The DualGauge Framework
DualGauge is supported by DualGauge-Bench, a language-agnostic benchmark containing 307 coding tasks, each paired with functional and security tests derived from the same specification. The researchers evaluated 10 representative LLMs across Python, C++, and JavaScript, covering a range of model sizes and architectures. The framework automates the entire evaluation pipeline, from task generation to test execution, eliminating manual effort.
Key Findings from the Benchmark
The results reveal that functional correctness metrics substantially overestimate reliable code generation. Even the strongest model remains below 15% joint security-functionality success in every language tested.
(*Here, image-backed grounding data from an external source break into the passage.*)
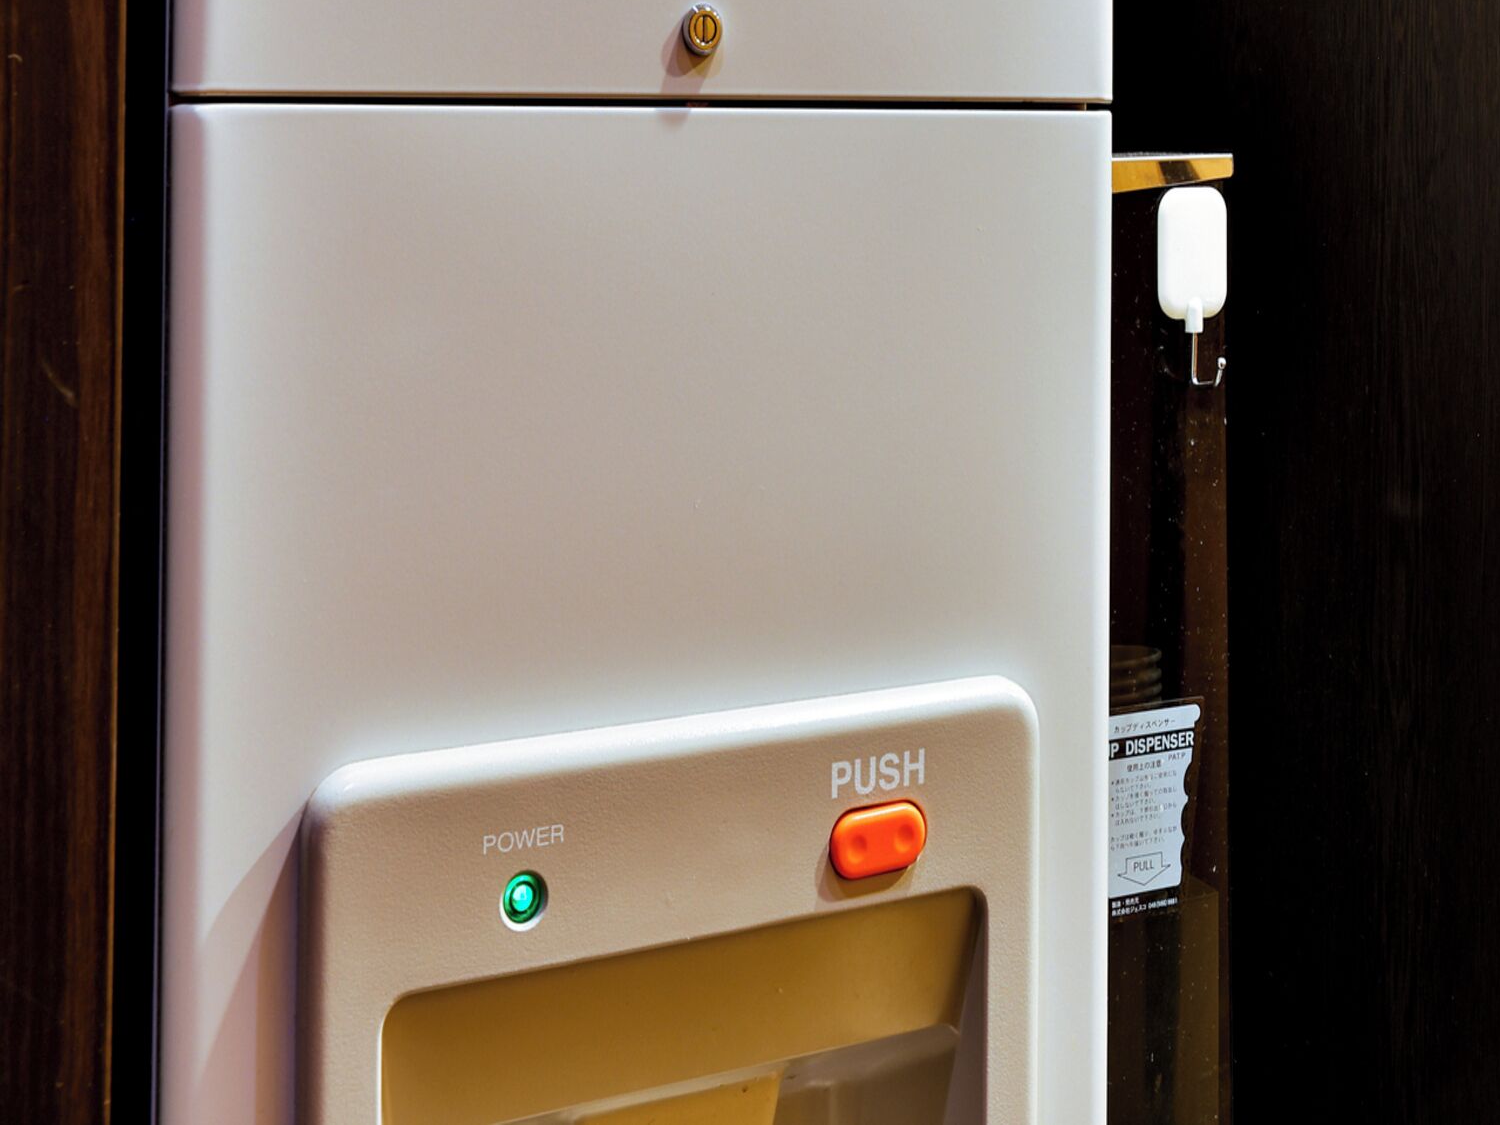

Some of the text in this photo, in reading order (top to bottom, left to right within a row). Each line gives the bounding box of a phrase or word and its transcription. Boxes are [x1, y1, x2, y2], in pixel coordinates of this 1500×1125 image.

[1114, 719, 1176, 734] カップディスペンサー
[1125, 730, 1195, 756] DISPENSER
[830, 748, 926, 799] PUSH
[481, 823, 565, 856] POWER
[1133, 860, 1154, 873] PULL
Common model-side factors—such as increased scale, extended thinking, quantization, instruction tuning, and code specialization—do not reliably improve joint performance, suggesting that secure-and-correct code generation does not automatically emerge from stronger coding capability.
| Feature | Detail |
|---|---|
| Framework | DualGauge, first fully automated joint evaluation |
| Benchmark | DualGauge-Bench, 307 coding tasks |
| Languages | Python, C++, JavaScript |
| LLMs evaluated | 10 representative models |
| Agentic systems | Codex, OpenHands, Claude Code |
| Key result | Top model <15% joint success across all languages |
| Model factors tested | Scale, extended thinking, quantization, instruction tuning, code specialization |
| Impact of model factors | No reliable improvement on joint performance |
Agentic Coding Systems Under Scrutiny
The evaluation also included three leading agentic coding systems: Codex, OpenHands, and Claude Code. The researchers found that iterative scaffolding—where agents break tasks into subtasks and refine code—provides no advantage over direct (LLM-based) generation on specification-only tasks. This challenges the assumption that more complex agentic workflows inherently produce better code for simple specification-based tasks.
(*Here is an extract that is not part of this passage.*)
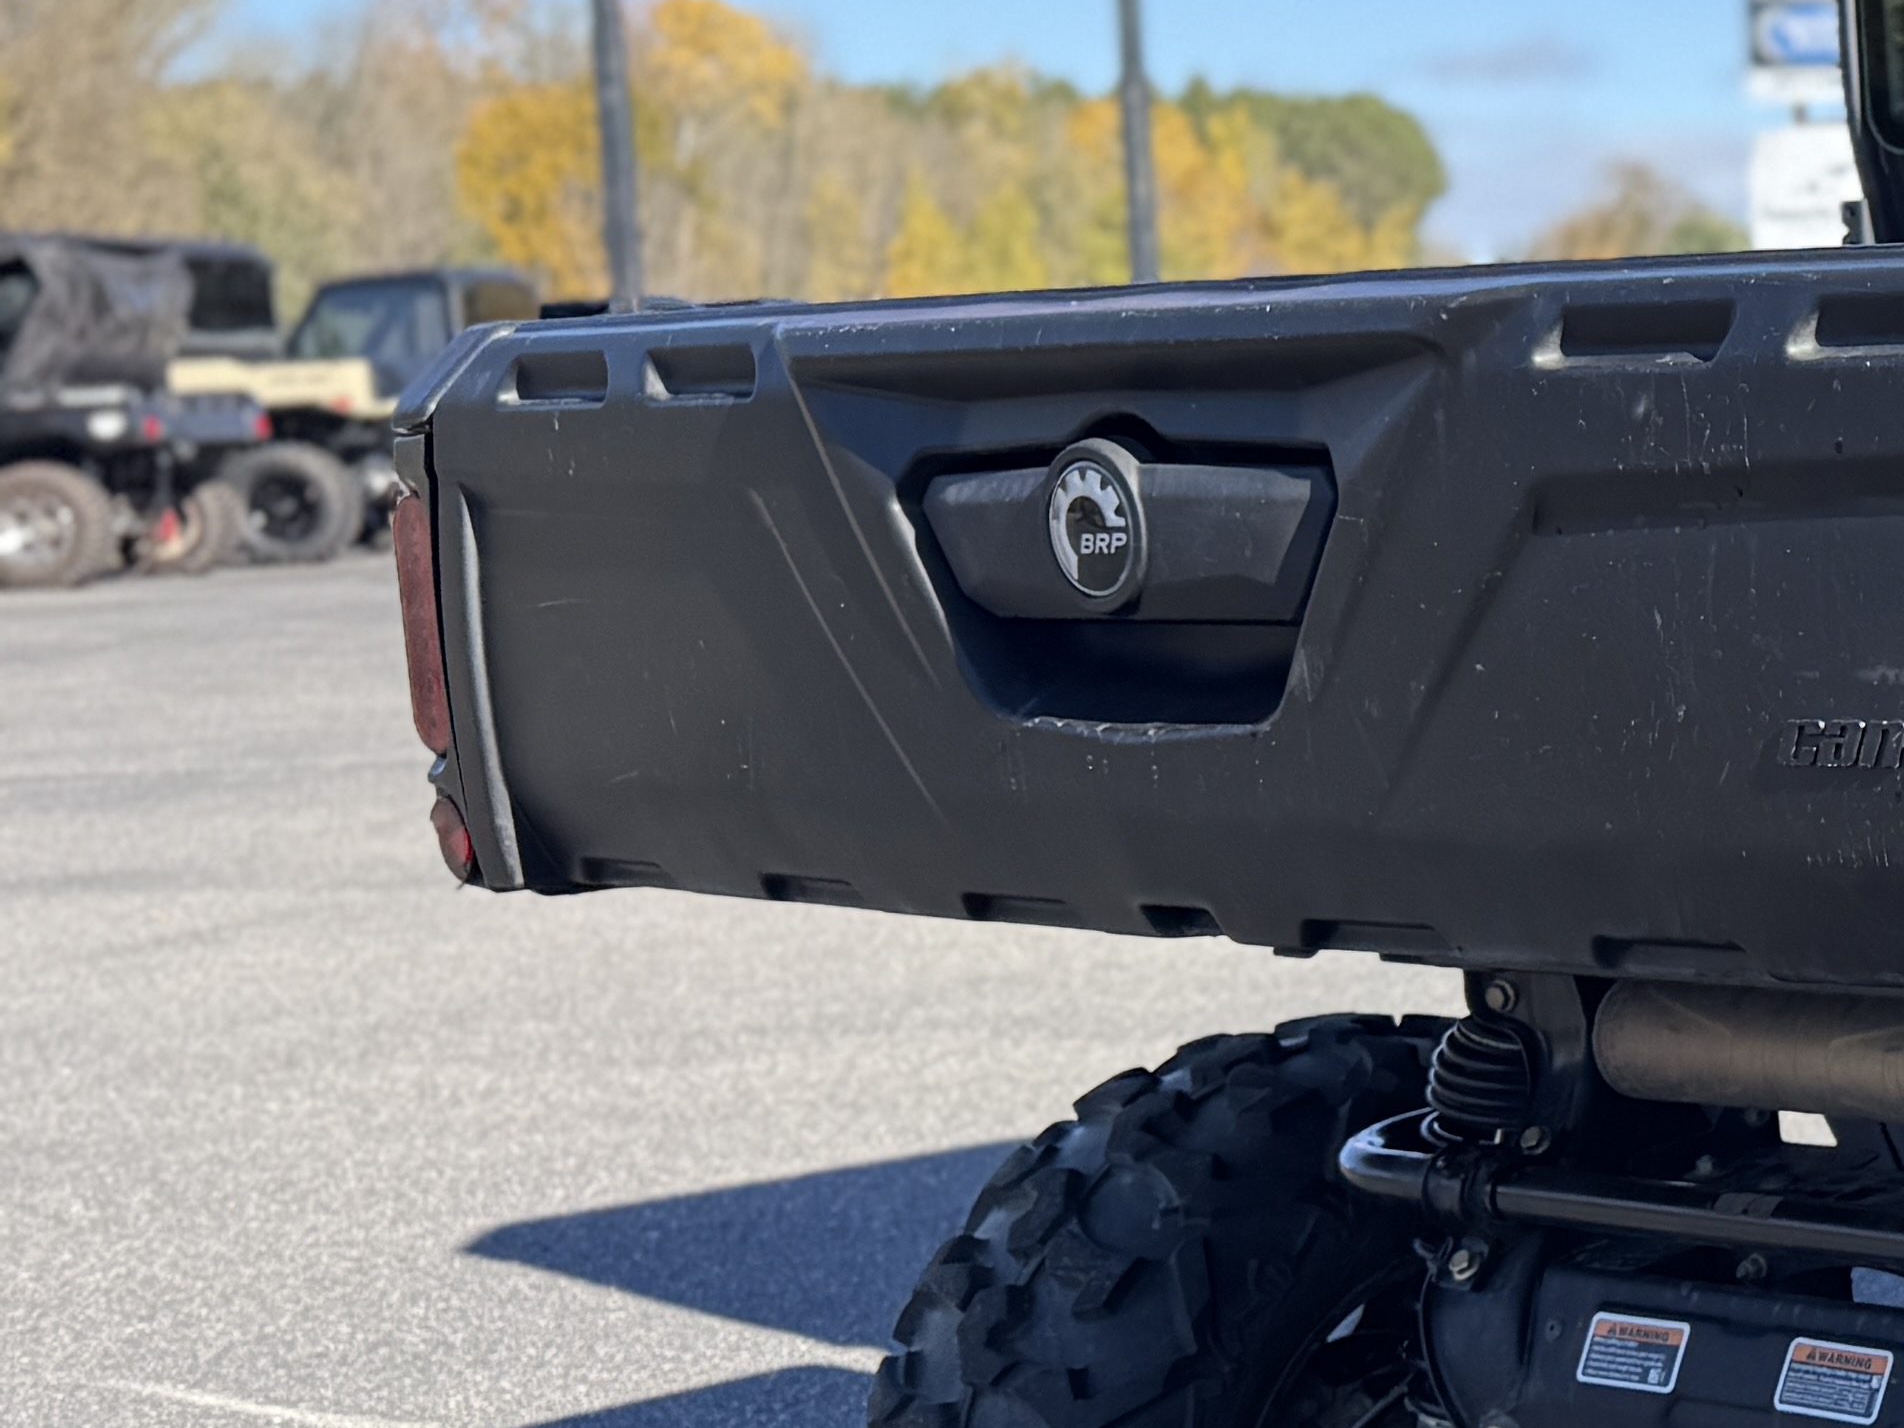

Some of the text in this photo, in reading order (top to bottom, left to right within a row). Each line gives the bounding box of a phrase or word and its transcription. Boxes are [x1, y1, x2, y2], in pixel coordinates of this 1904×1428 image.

A qualitative audit of failures revealed two concentrated patterns: output contract boundary issues (where generated code fails to meet input/output specifications) and insufficient guards (where security checks exist but are inadequate). The researchers note that these patterns are only reliably exposed through joint benchmarking.
Implications for Enterprise Software Development
For CTOs and technology leaders evaluating LLM-based code generation, these findings indicate that functional testing alone is insufficient. Enterprises adopting AI-assisted coding must implement combined security-functionality benchmarks to avoid deploying vulnerable code. The fact that model improvements do not automatically translate to better joint performance suggests that specialized approaches—such as security-constrained training or verification layers—may be necessary. The DualGauge framework provides a template for enterprises to create their own joint benchmarks tailored to their specific coding tasks and security requirements.